**THE PROBLEM**. The expected output is every line from the one containing "this 1932×1932 image." to the end of the data below, exactly, and no other line.
MATERIAL FOR THIS EXERCISE section start
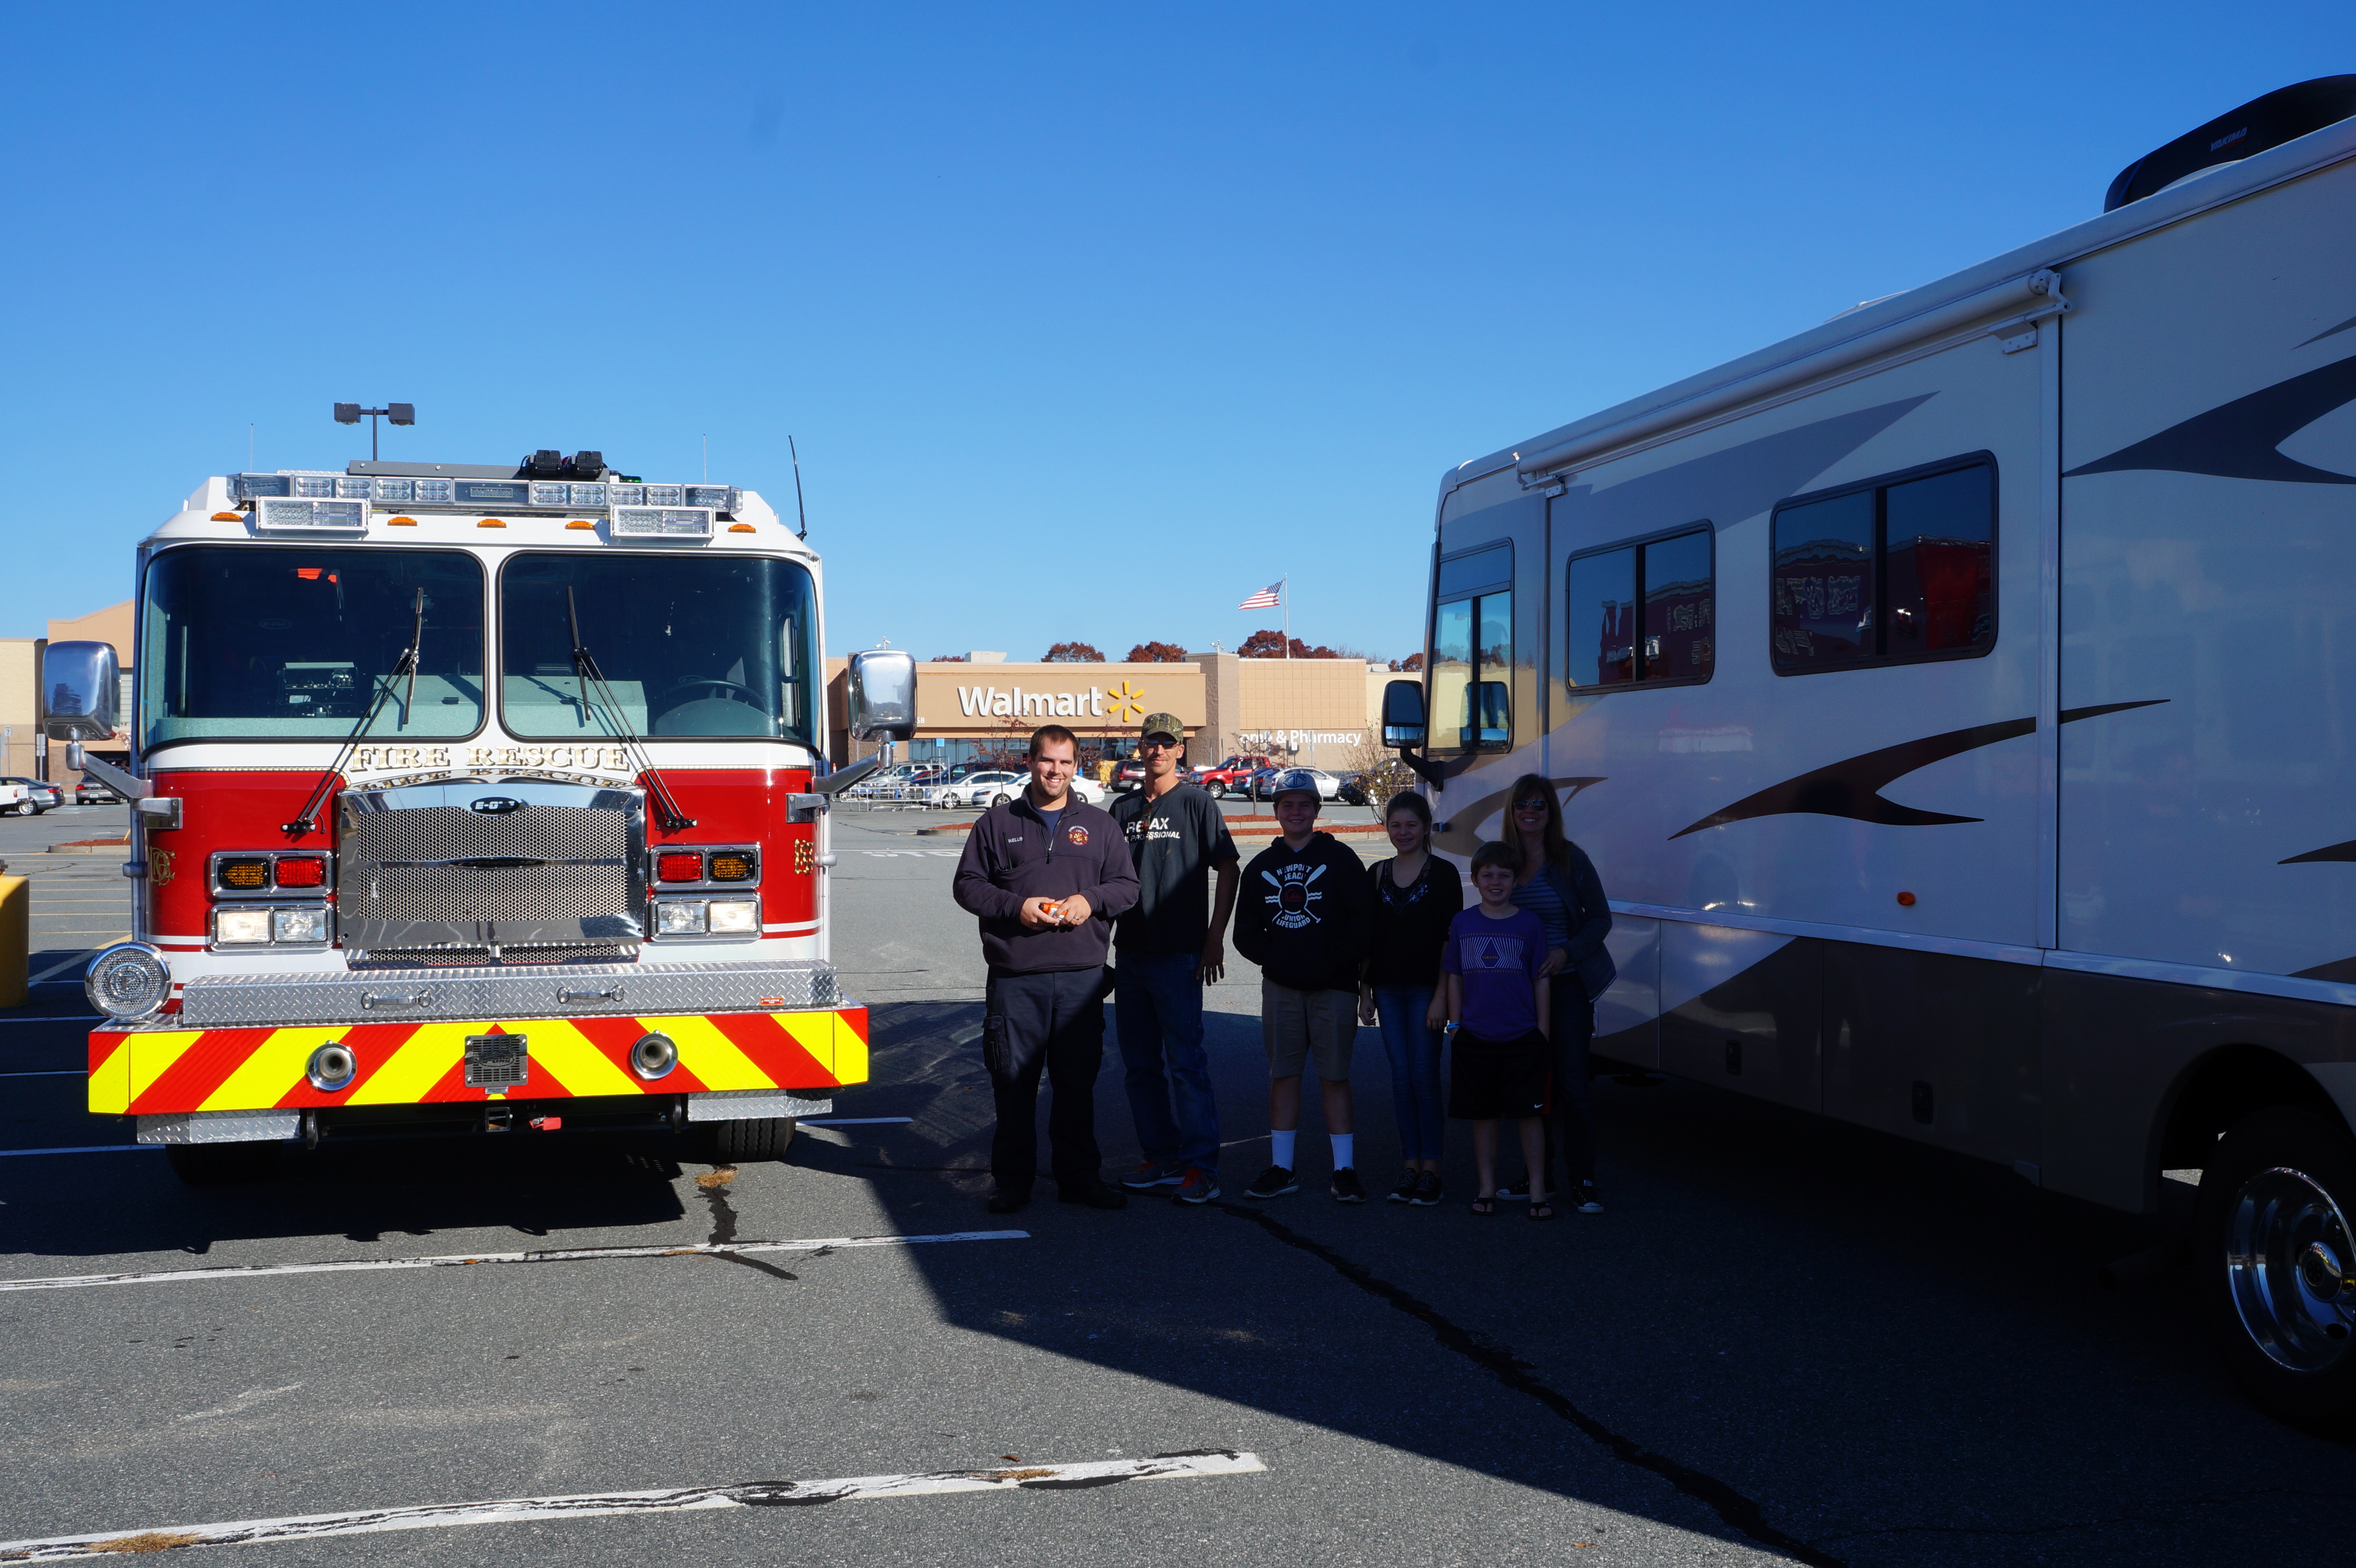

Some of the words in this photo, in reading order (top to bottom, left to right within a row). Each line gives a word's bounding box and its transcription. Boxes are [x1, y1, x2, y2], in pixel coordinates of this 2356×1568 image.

[2210, 126, 2247, 152] YAKIMA
[957, 686, 1102, 717] Walmart
[1276, 730, 1287, 743] &
[349, 746, 451, 773] FIRE
[465, 746, 630, 772] RESCUE
[1126, 817, 1169, 834] REAX
[1130, 831, 1180, 841] PROESSIONAL
[1276, 917, 1311, 929] LIFEGUARD
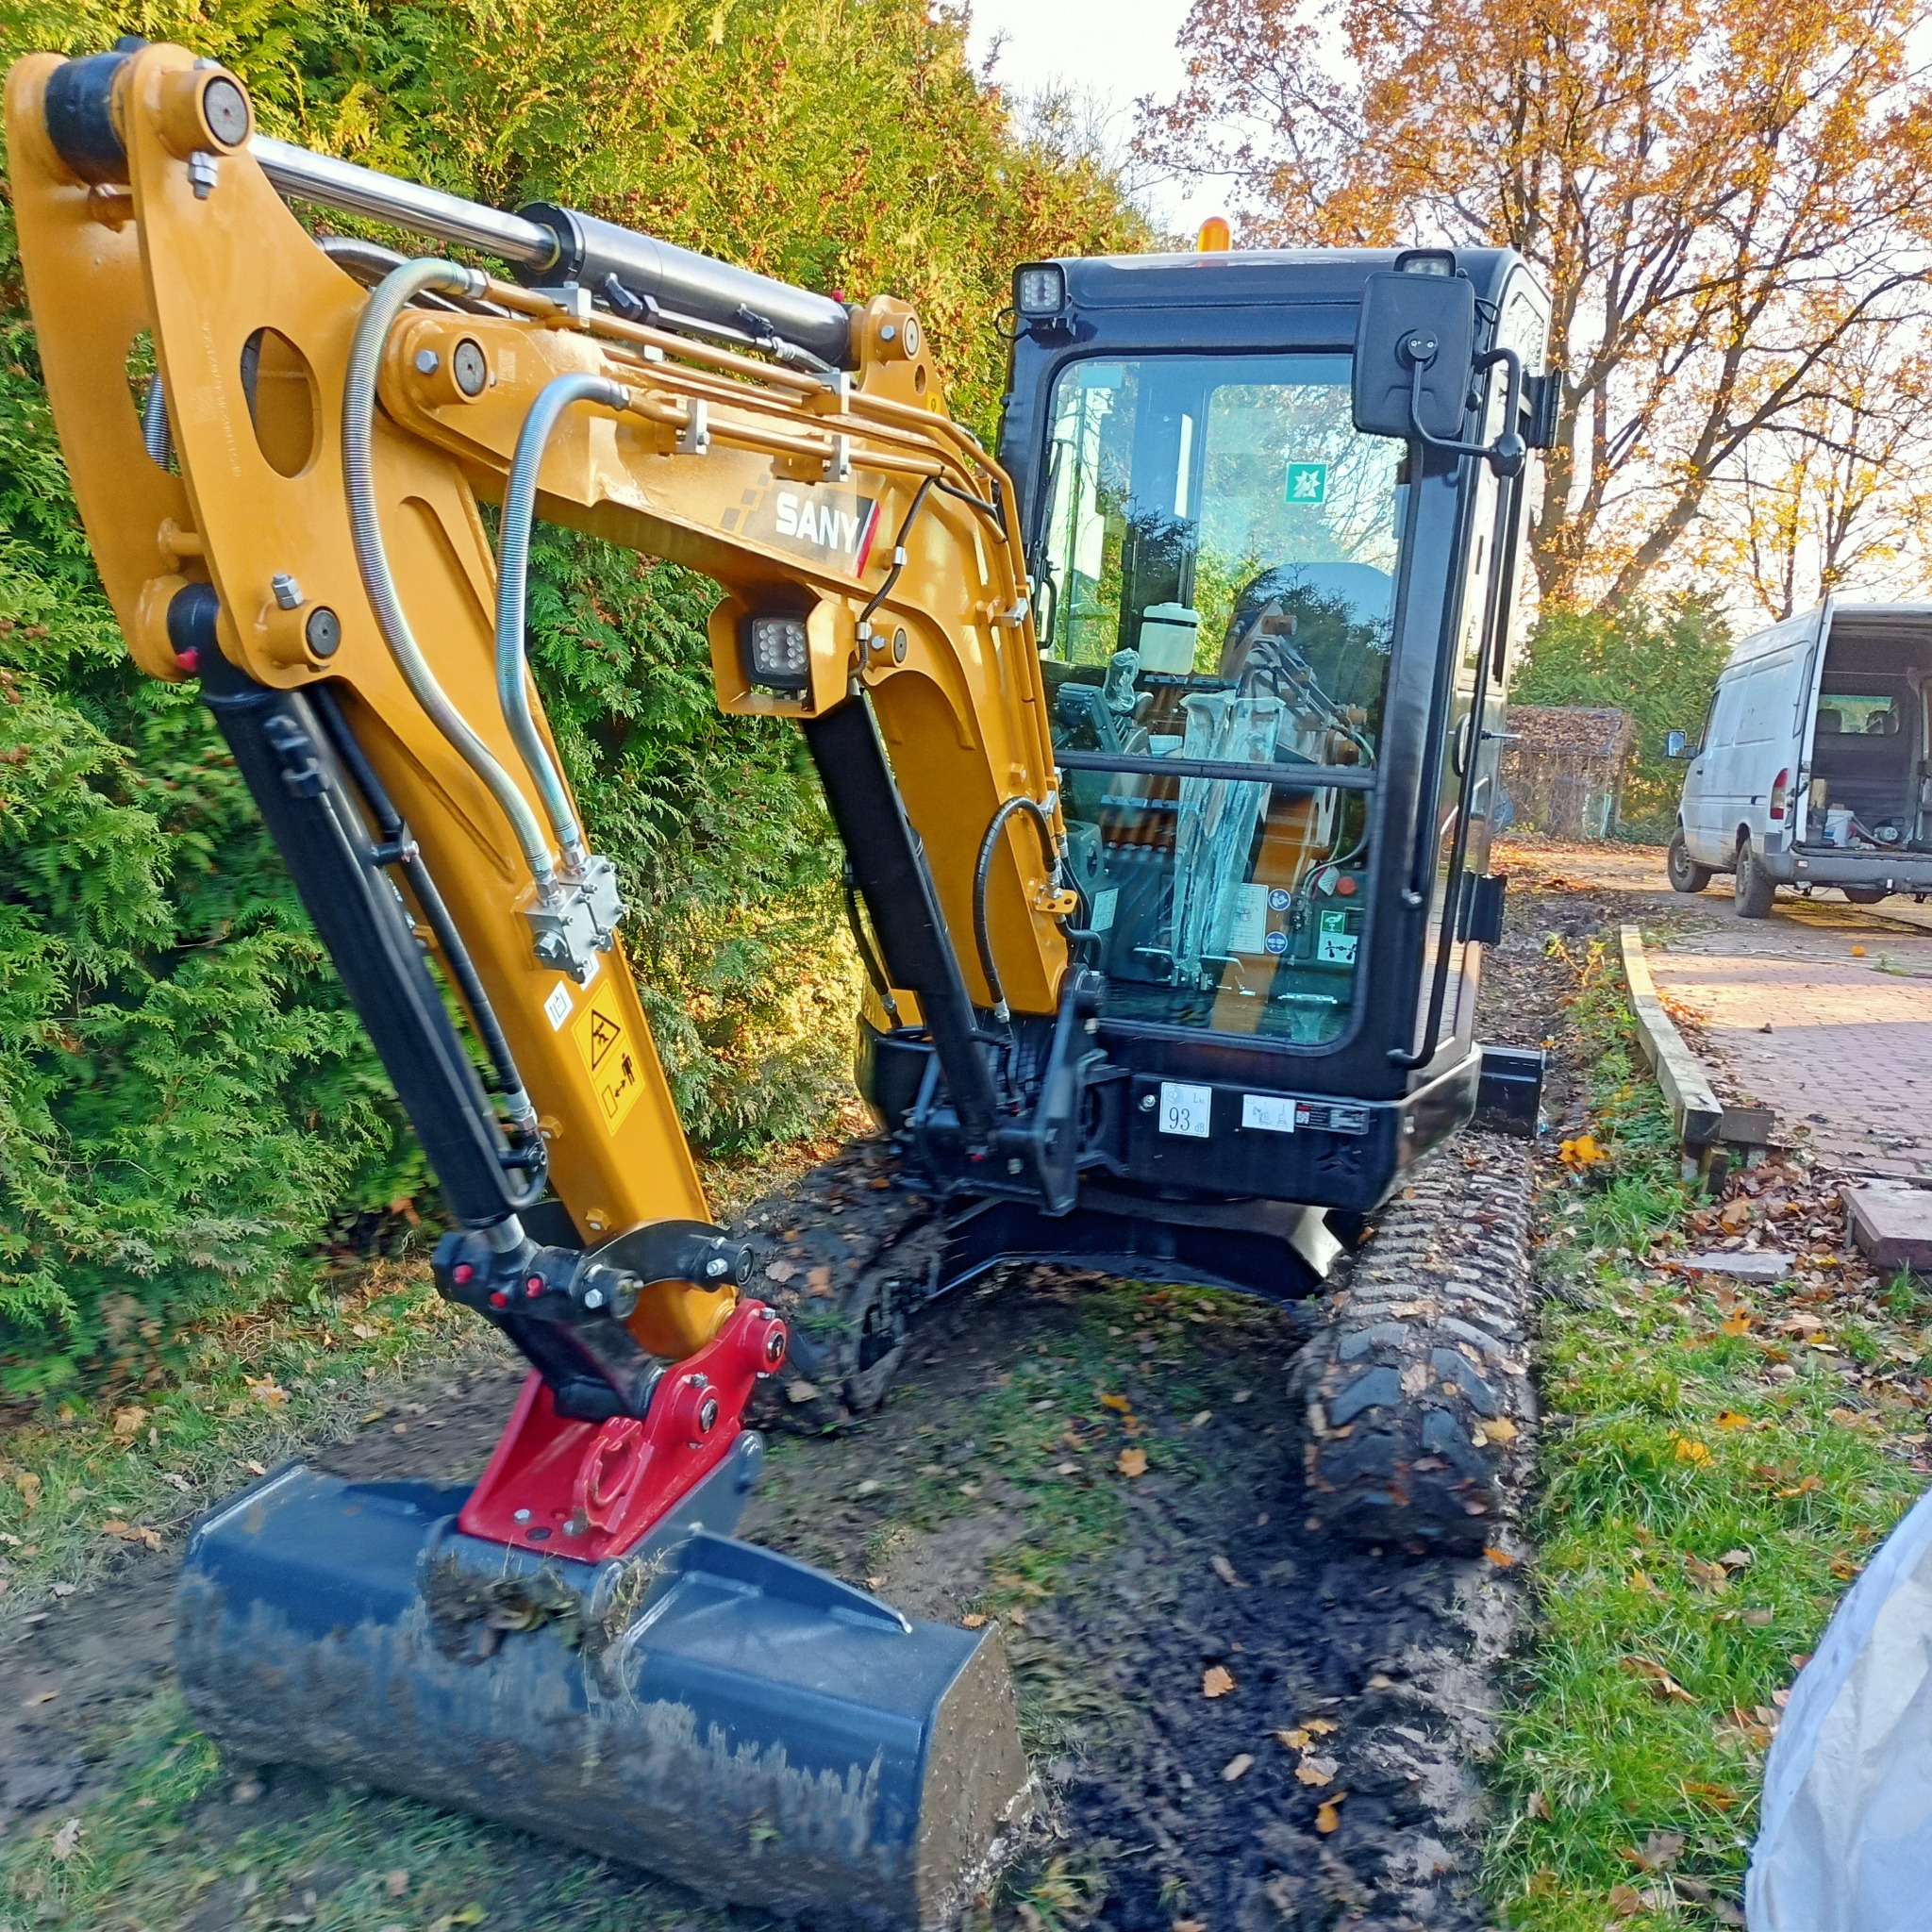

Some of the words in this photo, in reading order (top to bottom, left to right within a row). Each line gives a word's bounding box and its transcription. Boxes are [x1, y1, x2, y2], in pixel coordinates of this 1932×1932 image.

[775, 491, 860, 554] SANY
[1169, 1107, 1191, 1131] 93
[1194, 1122, 1206, 1133] dB
MATERIAL FOR THIS EXERCISE section end
**EXERCISE ANSWER**.
Some of the words in this photo, in reading order (top to bottom, left to right within a row). Each line gives a word's bounding box and its transcription. Boxes are [x1, y1, x2, y2], in pixel coordinates of this 1932×1932 image.

[775, 491, 860, 554] SANY
[1169, 1107, 1191, 1131] 93
[1194, 1122, 1206, 1133] dB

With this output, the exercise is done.